• **Excerpted records**:
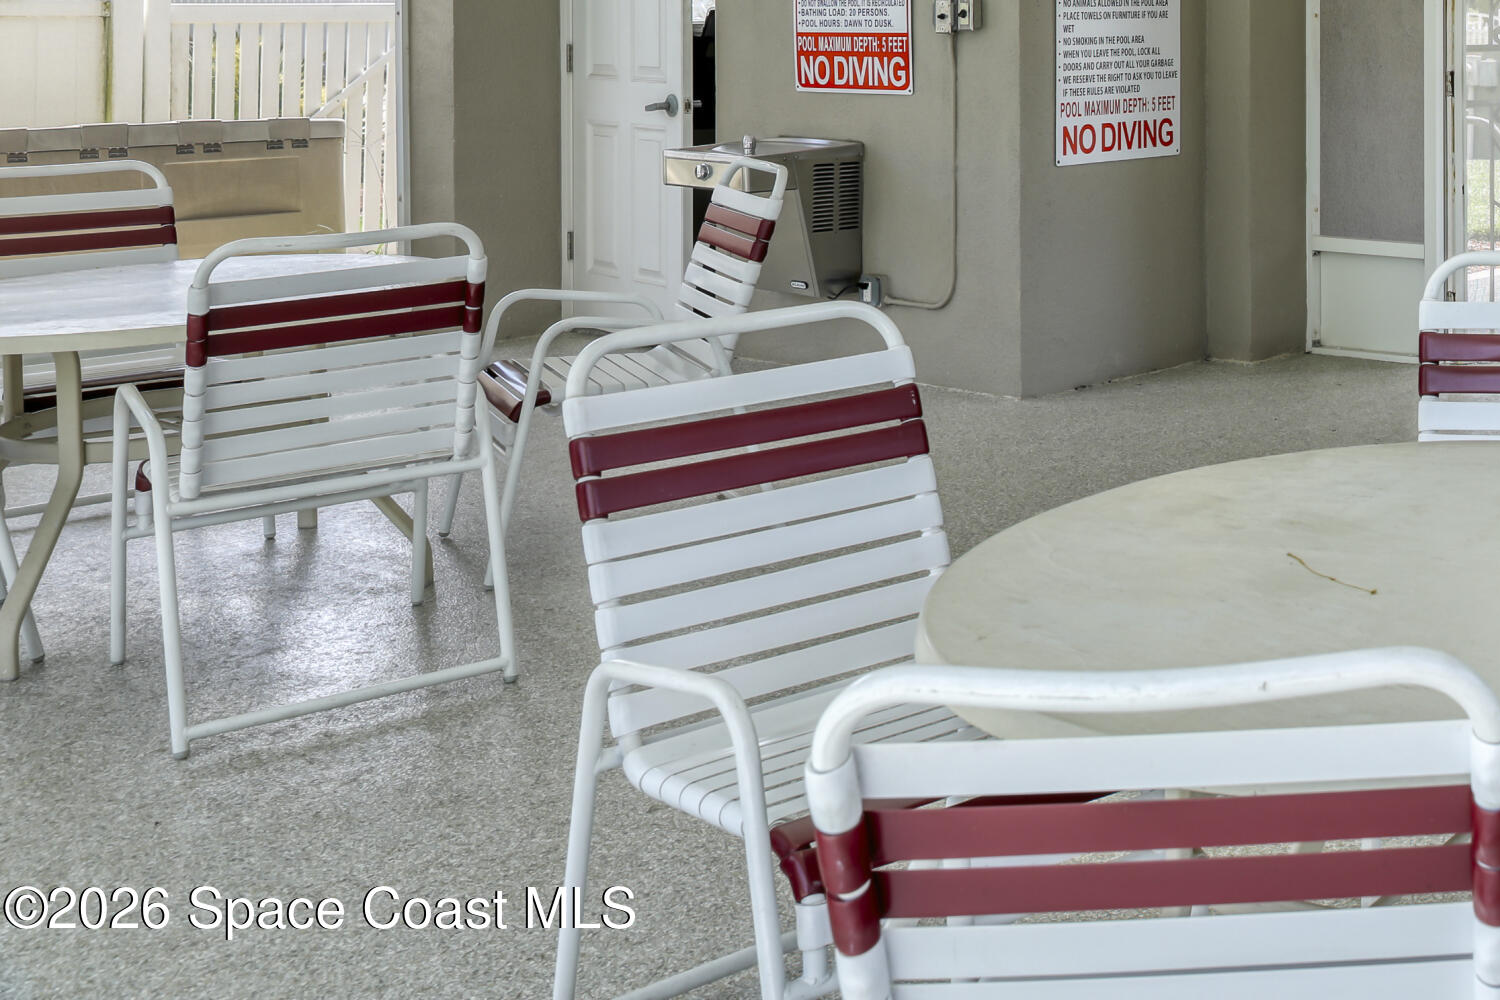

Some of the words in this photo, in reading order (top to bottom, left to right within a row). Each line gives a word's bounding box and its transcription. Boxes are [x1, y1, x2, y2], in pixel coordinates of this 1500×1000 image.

[1063, 25, 1074, 33] WET
[798, 36, 816, 51] POOL
[818, 37, 851, 51] MAXIMUM
[854, 37, 880, 52] DEPTH:
[882, 37, 886, 52] 5
[888, 37, 907, 52] FEET
[800, 55, 830, 85] NO
[834, 56, 906, 87] DIVING
[1060, 102, 1082, 118] POOL
[1084, 100, 1120, 116] MAXIMUM
[1123, 98, 1149, 114] DEPTH:
[1152, 97, 1155, 111] 5
[1158, 96, 1175, 111] FEET
[1063, 124, 1096, 156] NO
[1102, 118, 1173, 152] DIVING

• **Exercise brief**:
All of the data must be set down exactly, with no pictures included.

• **Answer**:
Some of the words in this photo, in reading order (top to bottom, left to right within a row). Each line gives a word's bounding box and its transcription. Boxes are [x1, y1, x2, y2], in pixel coordinates of this 1500×1000 image.

[1063, 25, 1074, 33] WET
[798, 36, 816, 51] POOL
[818, 37, 851, 51] MAXIMUM
[854, 37, 880, 52] DEPTH:
[882, 37, 886, 52] 5
[888, 37, 907, 52] FEET
[800, 55, 830, 85] NO
[834, 56, 906, 87] DIVING
[1060, 102, 1082, 118] POOL
[1084, 100, 1120, 116] MAXIMUM
[1123, 98, 1149, 114] DEPTH:
[1152, 97, 1155, 111] 5
[1158, 96, 1175, 111] FEET
[1063, 124, 1096, 156] NO
[1102, 118, 1173, 152] DIVING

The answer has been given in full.